Cohen Courses:Dmovshov abbreviations
From Cohen Courses
Jump to navigationJump to searchContents
Identifying Abbreviations in Biomedical Text
Idea
Abbreviations, synonyms and acronyms are heavily used in biomedical literature, for describing names of genes, diseases, biological processes and more. Recognizing short or alternative name forms and mapping them to the full form is important to the full understanding of the scientific text. In the context of information extraction task, recognizing abbreviated names can lead to a great increase in recall.

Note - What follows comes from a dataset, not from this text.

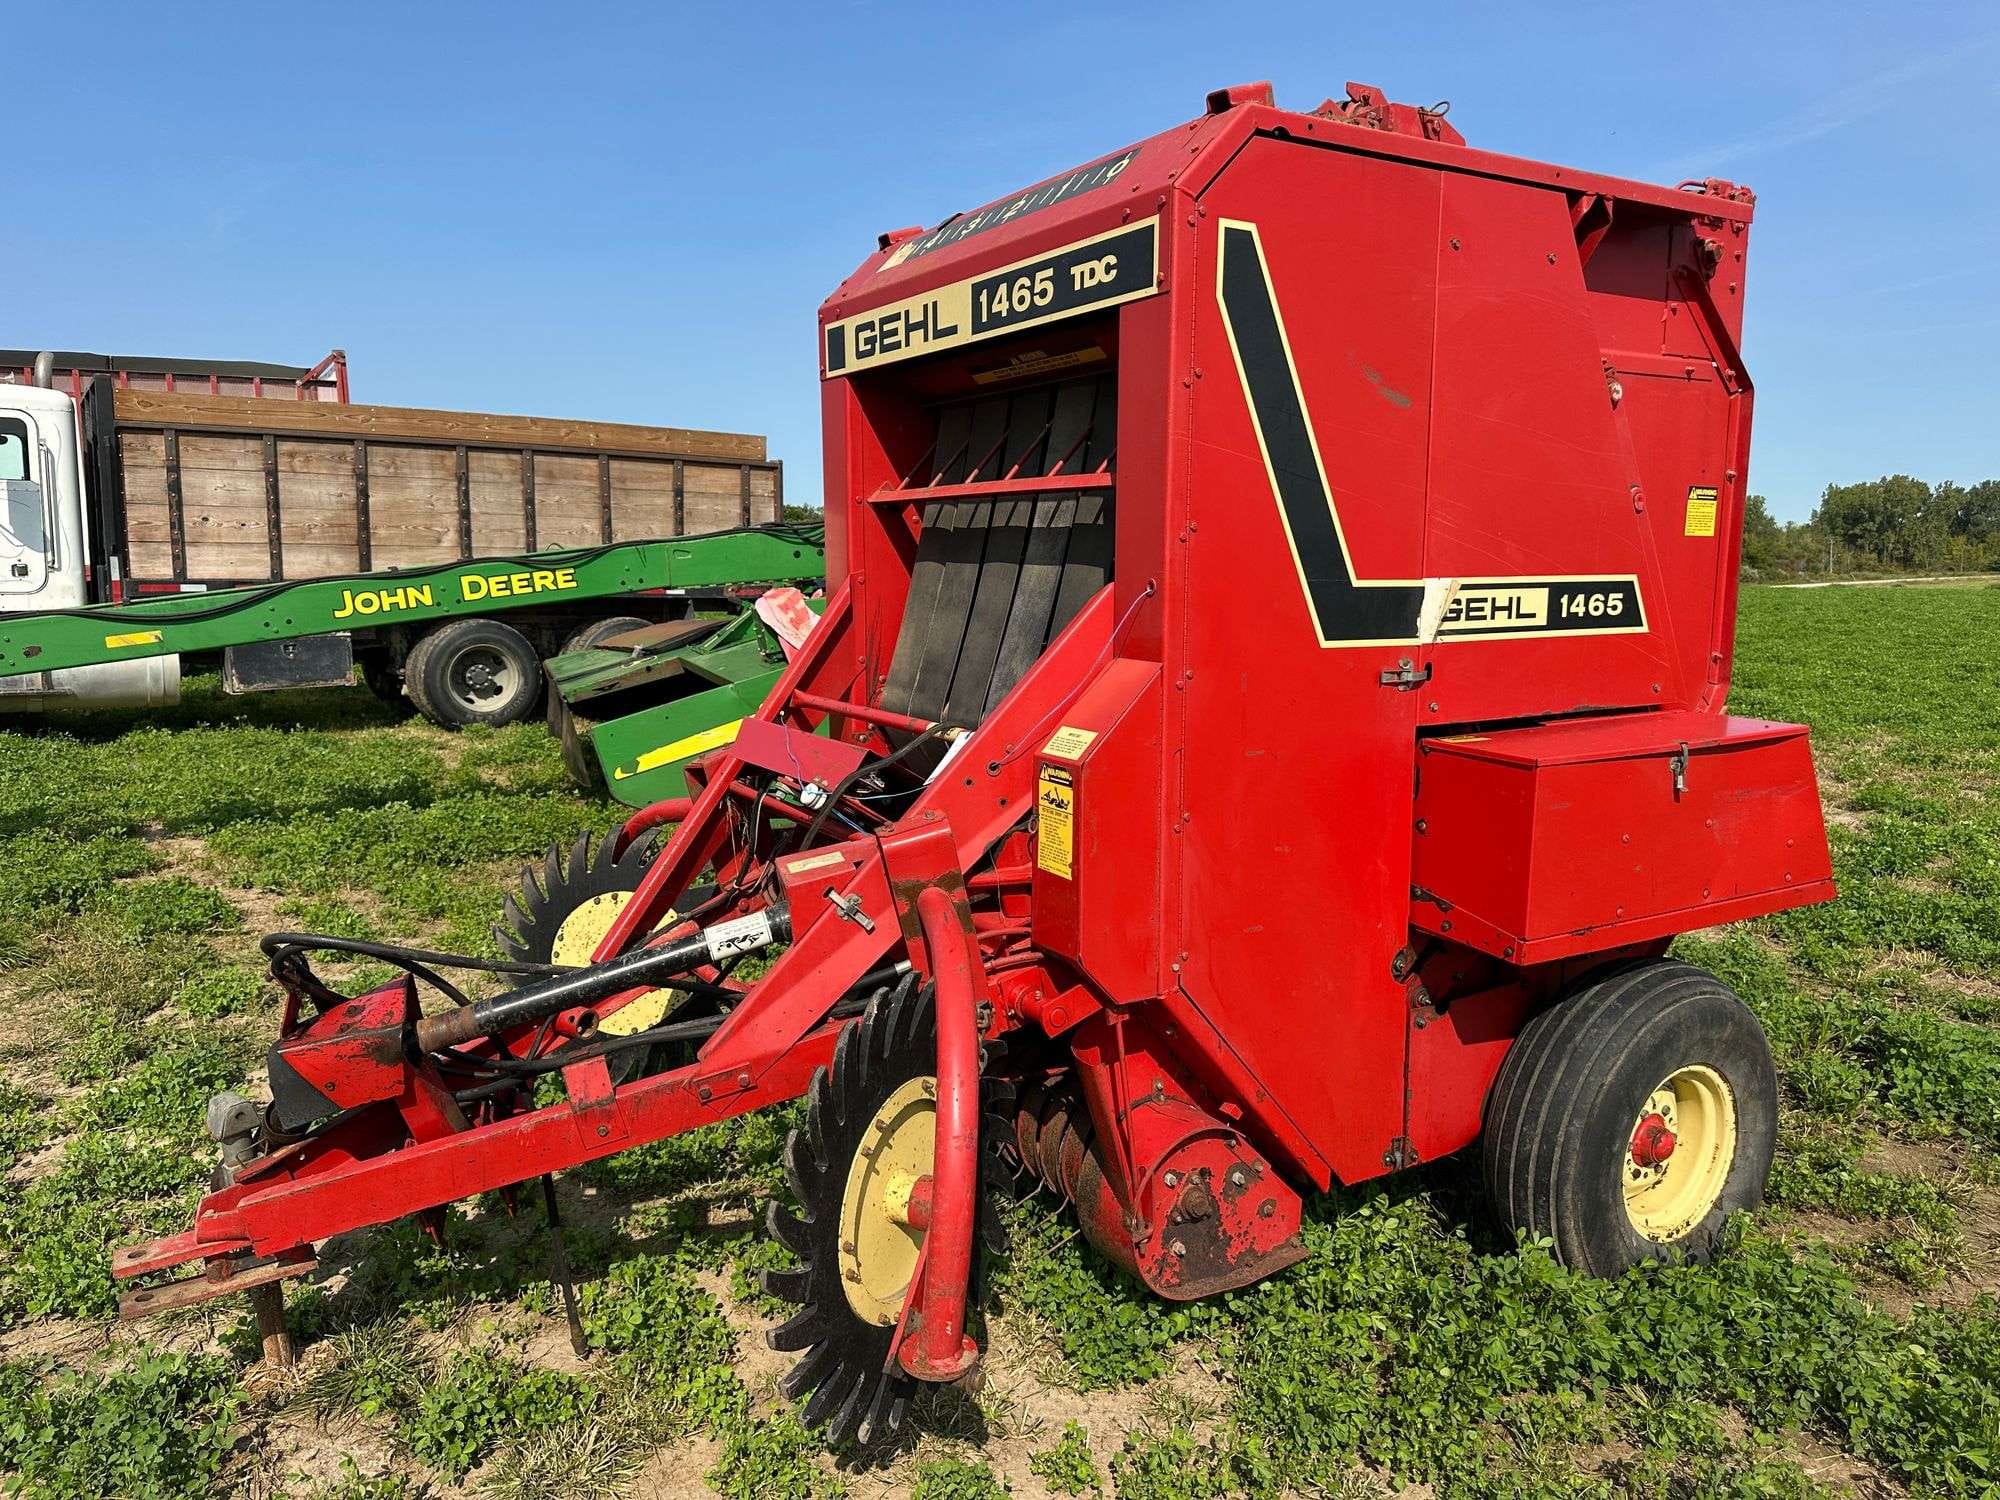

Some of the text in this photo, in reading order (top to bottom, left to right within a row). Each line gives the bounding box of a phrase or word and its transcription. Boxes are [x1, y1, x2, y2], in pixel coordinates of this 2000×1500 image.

[855, 254, 1118, 360] GEHL 1465 TDC
[333, 567, 578, 619] JOHN DEERE
[1441, 592, 1624, 623] GEHL 1465

This task is especially challenging since abbreviations are often reused, for example, names of genes and systems are shared across species, and since researchers often do not adhere to standard naming conventions.
Team
Dana Movshovitz-Attias
Dataset
MEDSTRACT is a tool for automated extraction of acronym pairs from MEDLINE databases. If includes:
- Gold Standard Data: Sentences including abbreviations.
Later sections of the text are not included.